Son devirlerde endüstriden ve sanayi ihracatından güçlü bir formda beslenen büyüme oranlarında, yurt dışı kaynaklı gelişmeler başta olmak üzere, farklı olumsuz nedenlerden kaynaklanan bir ivme kaybı olduğunu gözlemlediklerini belirten Bahçıvan, şunları kaydetti:
“Bu ivme kaybını, bilhassa İSO Türkiye İmalat PMI bilgilerinin son aylardaki besbelli düşüşünde de maalesef açıkça görmekteyiz. Tekrar de açıklanan üçüncü çeyrek büyüme datalarını Türkiye iktisadının dinamizminin bir göstergesi olarak değerlendirirken, nitelikli büyümenin korunması için GSYH içinde sanayi büyümesinin hissesinin arttırılması gerektiğinin altını çizmek isteriz.
Bahçıvan şöyle devam etti:
“Ayrıca, bu olumsuz periyotta bile endüstrimizin yatırım muhtaçlığının ve sanayicimizin yatırım motivasyonunun hala epey yüksek olduğunu hatırlatmak istiyorum. Böylesine değerli bir iklim bahtını ve fırsatını, ülkemizin geleceğine yönelik olarak olumlu kıymetlendirmemiz gerektiğini bilhassa vurguluyorum.”
TÜRKİYE İKTİSADI GERÇEK BİR ROTADA GELİŞİMİNİ SÜRDÜRÜYOR
Ankara Ticaret Odası (ATO) İdare Şurası Lideri Gürsel Baran, Türkiye iktisadının temmuz-eylül periyodunda yüzde 3,9 büyüdüğünü belirterek, “Küresel iktisatta büyümenin yavaşladığı, resesyon tehlikesinin sürdüğü bu devirde Türkiye’nin büyüme performansını müdafaası, bağışıklığının güçlü olduğunun göstergesidir” dedi.

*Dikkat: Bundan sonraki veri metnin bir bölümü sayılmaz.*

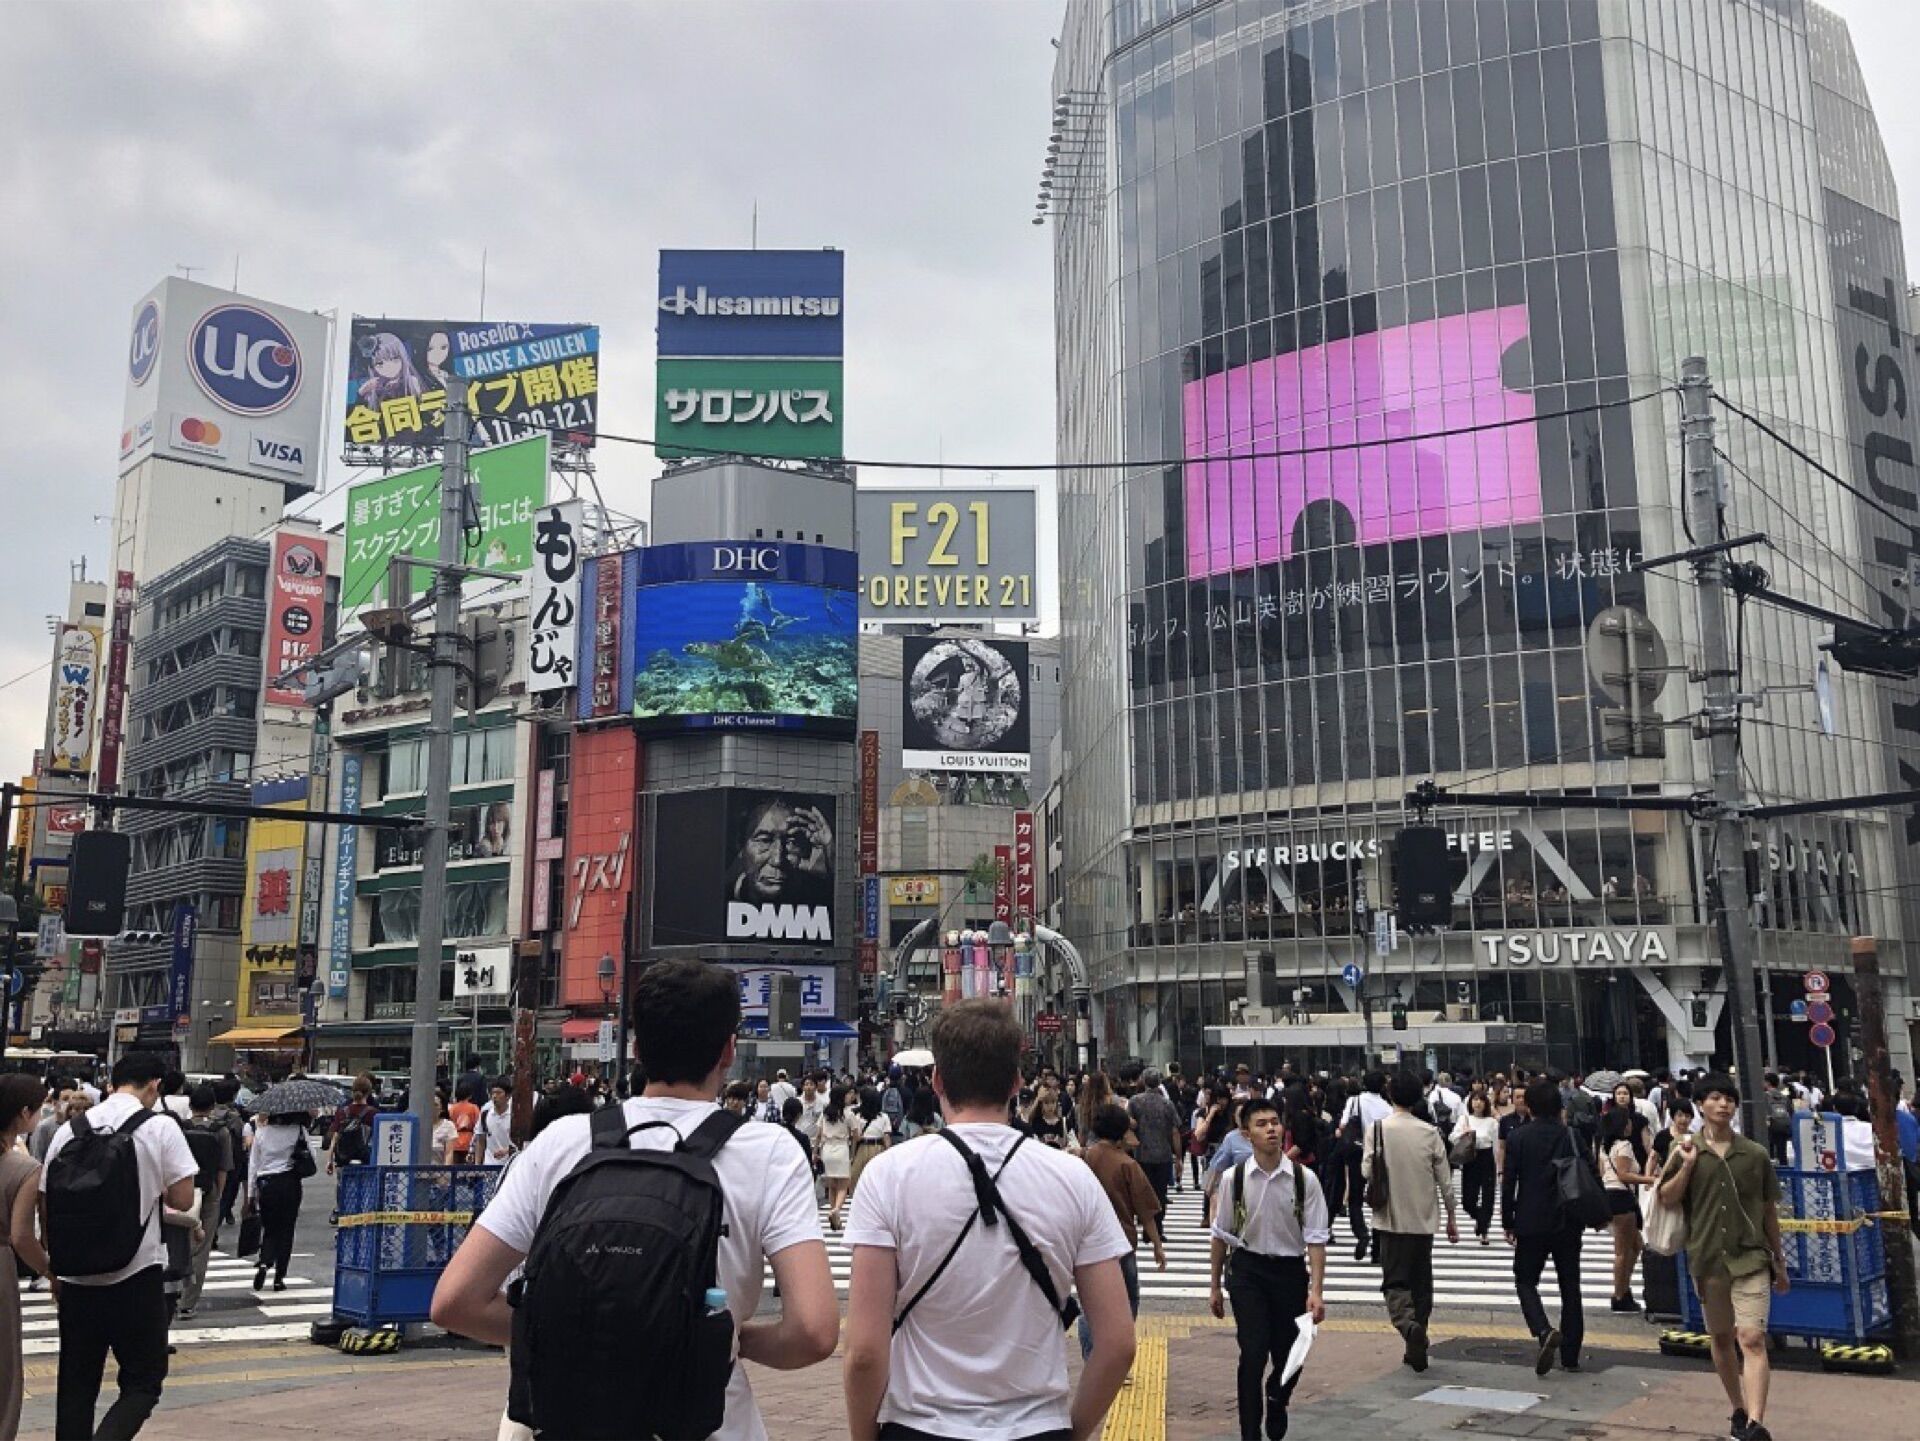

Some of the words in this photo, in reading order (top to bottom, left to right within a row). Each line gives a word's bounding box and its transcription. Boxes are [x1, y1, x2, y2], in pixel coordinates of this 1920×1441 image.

Gürsel Baran, yazılı açıklamasında, Türkiye İstatistik Kurumu (TÜİK) tarafından duyurulan yılın üçüncü çeyreğine ait gayrisafi yurt içi hasıla (GSYH) datalarını kıymetlendirdi. Reel bölümün dinamizm ve dayanıklılığının global iktisatta yaşanan risklerin Türkiye iktisadına yansıma oranını azalttığına dikkati çeken Baran, şunları kaydetti:
“Küresel iktisatta büyümenin yavaşladığı, resesyon tehlikesinin sürdüğü bu devirde Türkiye’nin büyüme performansını müdafaası, bağışıklığının güçlü olduğunun göstergesidir lakin global sistemin geldiği yapı prestijiyle hiçbir ülke dış tesirlerden bağımsız biçimde ekonomik büyümesini belirleyemez. Dünya ekonomisindeki yavaşlamanın Türkiye iktisadına ivme kaybettirmesi kaçınılmaz görünüyor. Bu gerçeği göz arkası etmemek gerektiği üzere karamsar tablo çizmek de yanlışsız değil. Türkiye iktisadı aslında gerçek bir rotada gelişimini sürdürüyor. Bu süreçte katma kıymetli üretimi teşvik etmek, bunu sağlayacak yatırımları desteklemek, büyümenin devamlılığına katkı sağlayacaktır. Dinamik gerçek dalı, basiretli idaresi ve insan kaynağıyla Türkiye’nin önü açıktır.”